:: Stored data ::
■ ■ ■ ■
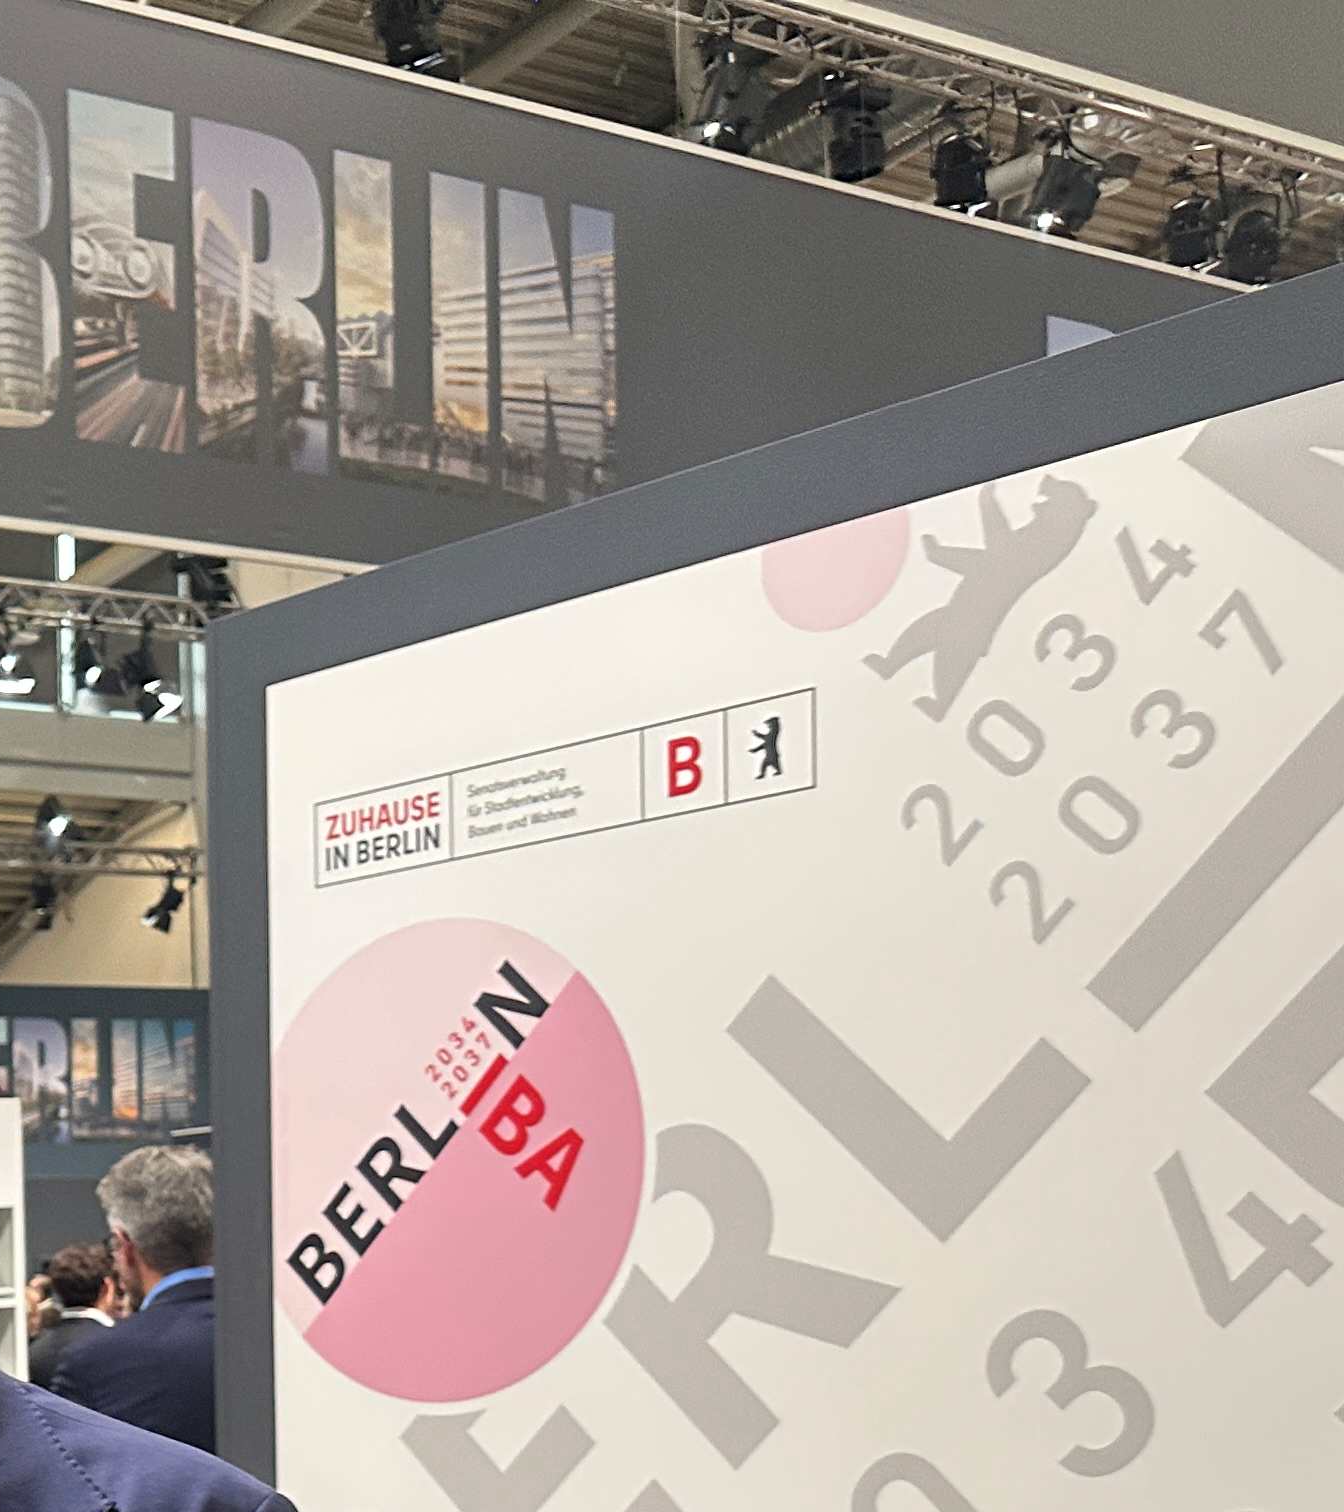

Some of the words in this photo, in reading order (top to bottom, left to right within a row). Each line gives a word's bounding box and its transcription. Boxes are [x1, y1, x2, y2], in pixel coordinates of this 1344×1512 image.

[900, 526, 1197, 867] 2034
[666, 735, 703, 799] B
[988, 588, 1286, 945] 2037
[324, 844, 350, 871] IN
[355, 823, 442, 866] BERLIN
[325, 791, 441, 841] ZUHAUSE
[425, 1016, 476, 1083] 2034
[440, 1031, 491, 1099] 2037
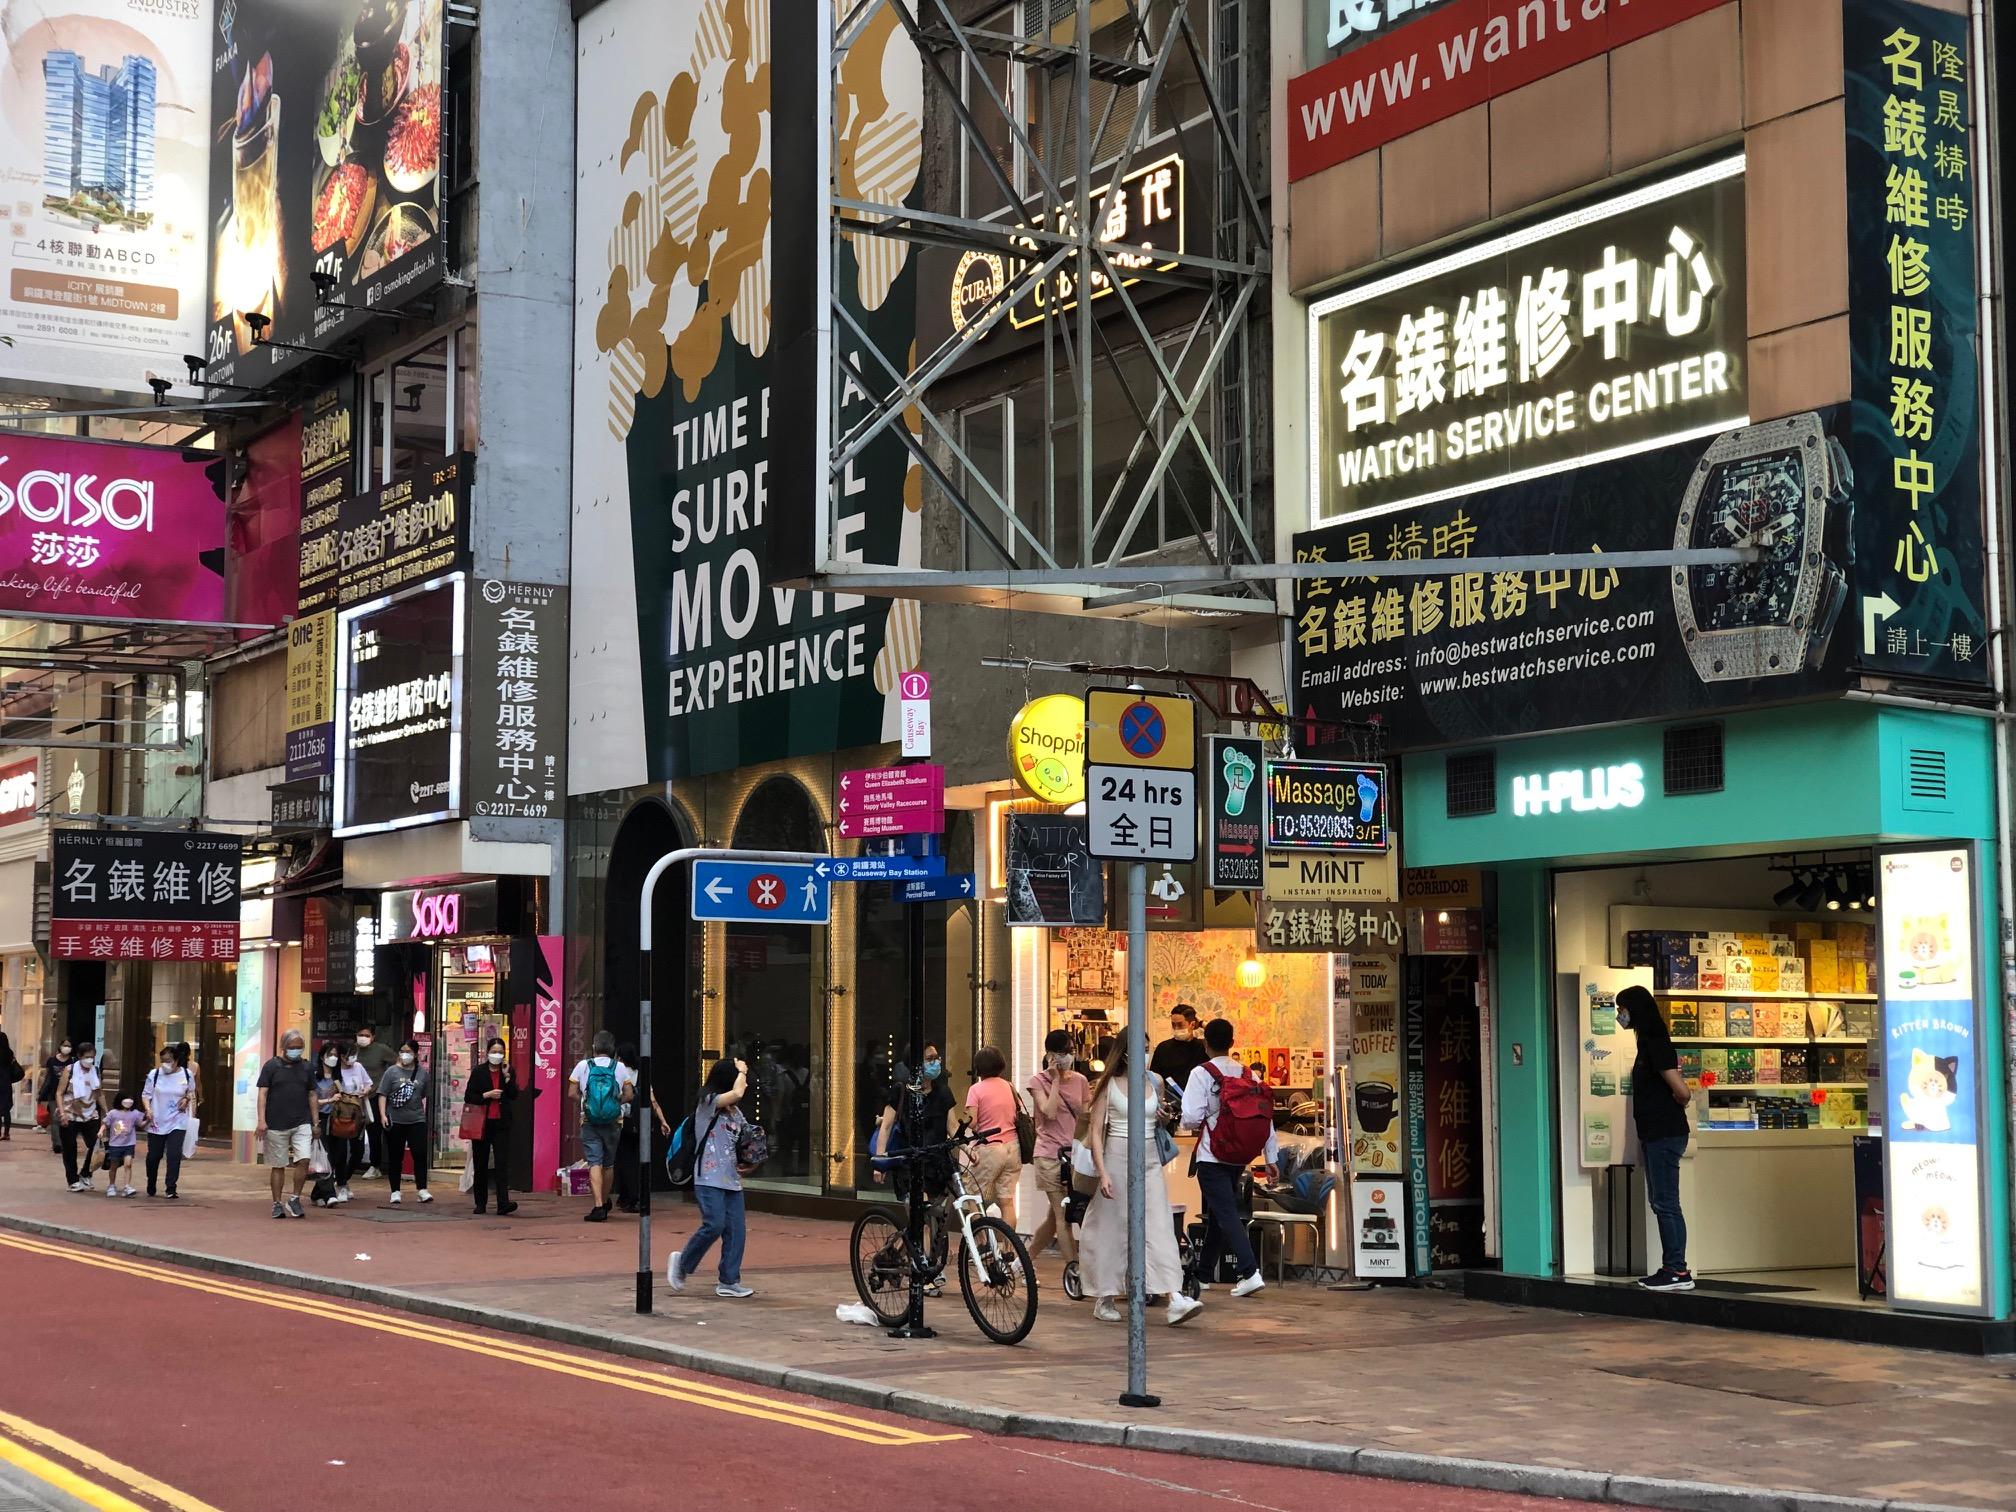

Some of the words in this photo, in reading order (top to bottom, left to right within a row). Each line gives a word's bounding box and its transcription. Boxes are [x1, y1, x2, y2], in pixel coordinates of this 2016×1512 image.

[215, 42, 238, 73] FJAKA
[1932, 39, 1969, 232] 隆晟精時
[960, 277, 992, 306] CUBA
[1882, 27, 1939, 582] 名錶維修服務中心
[1340, 225, 1713, 431] 名錶維修中心
[209, 325, 232, 365] 26/F
[672, 396, 748, 471] TIME
[1338, 429, 1435, 488] WATCH
[1447, 391, 1575, 460] SERVICE
[1588, 350, 1728, 423] CENTER
[31, 531, 100, 569] 莎莎
[0, 574, 41, 598] aking
[44, 575, 72, 599] life
[75, 579, 142, 604] beautiful
[1301, 664, 1341, 688] Email
[1343, 654, 1407, 681] address:
[1415, 608, 1654, 668] info@bestwatchservice.com
[669, 623, 866, 717] EXPERIENCE
[1341, 684, 1405, 709] Website:
[1420, 640, 1655, 698] www.bestwatchservice.com
[495, 607, 539, 800] 名錶維修服務中心
[904, 706, 916, 750] Causeway
[915, 720, 927, 737] Bay
[289, 742, 306, 762] 2111
[307, 737, 326, 757] 2636
[882, 779, 904, 787] Elizabeth
[906, 777, 927, 785] Stadium
[1101, 777, 1136, 802] 24
[1144, 780, 1182, 806] hrs
[1275, 775, 1356, 813] Massage
[490, 803, 548, 817] 2217-6699
[864, 803, 879, 811] Happy
[880, 801, 895, 809] Valley
[896, 799, 927, 807] Racecourse
[58, 834, 102, 847] HÉRNLY
[863, 826, 880, 834] Racing
[881, 824, 903, 832] Museum
[1110, 813, 1172, 849] 全日
[1218, 819, 1259, 844] Massage
[1356, 825, 1381, 840] 3/F
[197, 842, 216, 850] 2217
[218, 843, 238, 851] 6699
[61, 858, 236, 905] 名錶維修
[1218, 858, 1259, 880] 95320835
[1407, 878, 1468, 896] CORRIDOR
[1267, 907, 1402, 946] 名錶維修中心
[58, 936, 235, 958] 手袋維修護理
[1360, 975, 1388, 989] TODAY
[1356, 1004, 1362, 1016] A
[1364, 1004, 1389, 1016] DAMN
[1370, 1019, 1394, 1032] FINE
[1353, 1034, 1397, 1055] COFFEE
[1439, 957, 1472, 1190] 名錶維修
[1409, 1071, 1418, 1146] INSPIRATION
[1415, 1071, 1424, 1120] INSTANT
[1412, 1154, 1429, 1247] Polaroid
■ ■ ■ ■
:: Exercise directions ::
Every line above has to be output exactly; the pictures must be dropped.

:: Result ::
Some of the words in this photo, in reading order (top to bottom, left to right within a row). Each line gives a word's bounding box and its transcription. Boxes are [x1, y1, x2, y2], in pixel coordinates of this 1344×1512 image.

[900, 526, 1197, 867] 2034
[666, 735, 703, 799] B
[988, 588, 1286, 945] 2037
[324, 844, 350, 871] IN
[355, 823, 442, 866] BERLIN
[325, 791, 441, 841] ZUHAUSE
[425, 1016, 476, 1083] 2034
[440, 1031, 491, 1099] 2037

Some of the words in this photo, in reading order (top to bottom, left to right within a row). Each line gives a word's bounding box and its transcription. Boxes are [x1, y1, x2, y2], in pixel coordinates of this 2016×1512 image.

[215, 42, 238, 73] FJAKA
[1932, 39, 1969, 232] 隆晟精時
[960, 277, 992, 306] CUBA
[1882, 27, 1939, 582] 名錶維修服務中心
[1340, 225, 1713, 431] 名錶維修中心
[209, 325, 232, 365] 26/F
[672, 396, 748, 471] TIME
[1338, 429, 1435, 488] WATCH
[1447, 391, 1575, 460] SERVICE
[1588, 350, 1728, 423] CENTER
[31, 531, 100, 569] 莎莎
[0, 574, 41, 598] aking
[44, 575, 72, 599] life
[75, 579, 142, 604] beautiful
[1301, 664, 1341, 688] Email
[1343, 654, 1407, 681] address:
[1415, 608, 1654, 668] info@bestwatchservice.com
[669, 623, 866, 717] EXPERIENCE
[1341, 684, 1405, 709] Website:
[1420, 640, 1655, 698] www.bestwatchservice.com
[495, 607, 539, 800] 名錶維修服務中心
[904, 706, 916, 750] Causeway
[915, 720, 927, 737] Bay
[289, 742, 306, 762] 2111
[307, 737, 326, 757] 2636
[882, 779, 904, 787] Elizabeth
[906, 777, 927, 785] Stadium
[1101, 777, 1136, 802] 24
[1144, 780, 1182, 806] hrs
[1275, 775, 1356, 813] Massage
[490, 803, 548, 817] 2217-6699
[864, 803, 879, 811] Happy
[880, 801, 895, 809] Valley
[896, 799, 927, 807] Racecourse
[58, 834, 102, 847] HÉRNLY
[863, 826, 880, 834] Racing
[881, 824, 903, 832] Museum
[1110, 813, 1172, 849] 全日
[1218, 819, 1259, 844] Massage
[1356, 825, 1381, 840] 3/F
[197, 842, 216, 850] 2217
[218, 843, 238, 851] 6699
[61, 858, 236, 905] 名錶維修
[1218, 858, 1259, 880] 95320835
[1407, 878, 1468, 896] CORRIDOR
[1267, 907, 1402, 946] 名錶維修中心
[58, 936, 235, 958] 手袋維修護理
[1360, 975, 1388, 989] TODAY
[1356, 1004, 1362, 1016] A
[1364, 1004, 1389, 1016] DAMN
[1370, 1019, 1394, 1032] FINE
[1353, 1034, 1397, 1055] COFFEE
[1439, 957, 1472, 1190] 名錶維修
[1409, 1071, 1418, 1146] INSPIRATION
[1415, 1071, 1424, 1120] INSTANT
[1412, 1154, 1429, 1247] Polaroid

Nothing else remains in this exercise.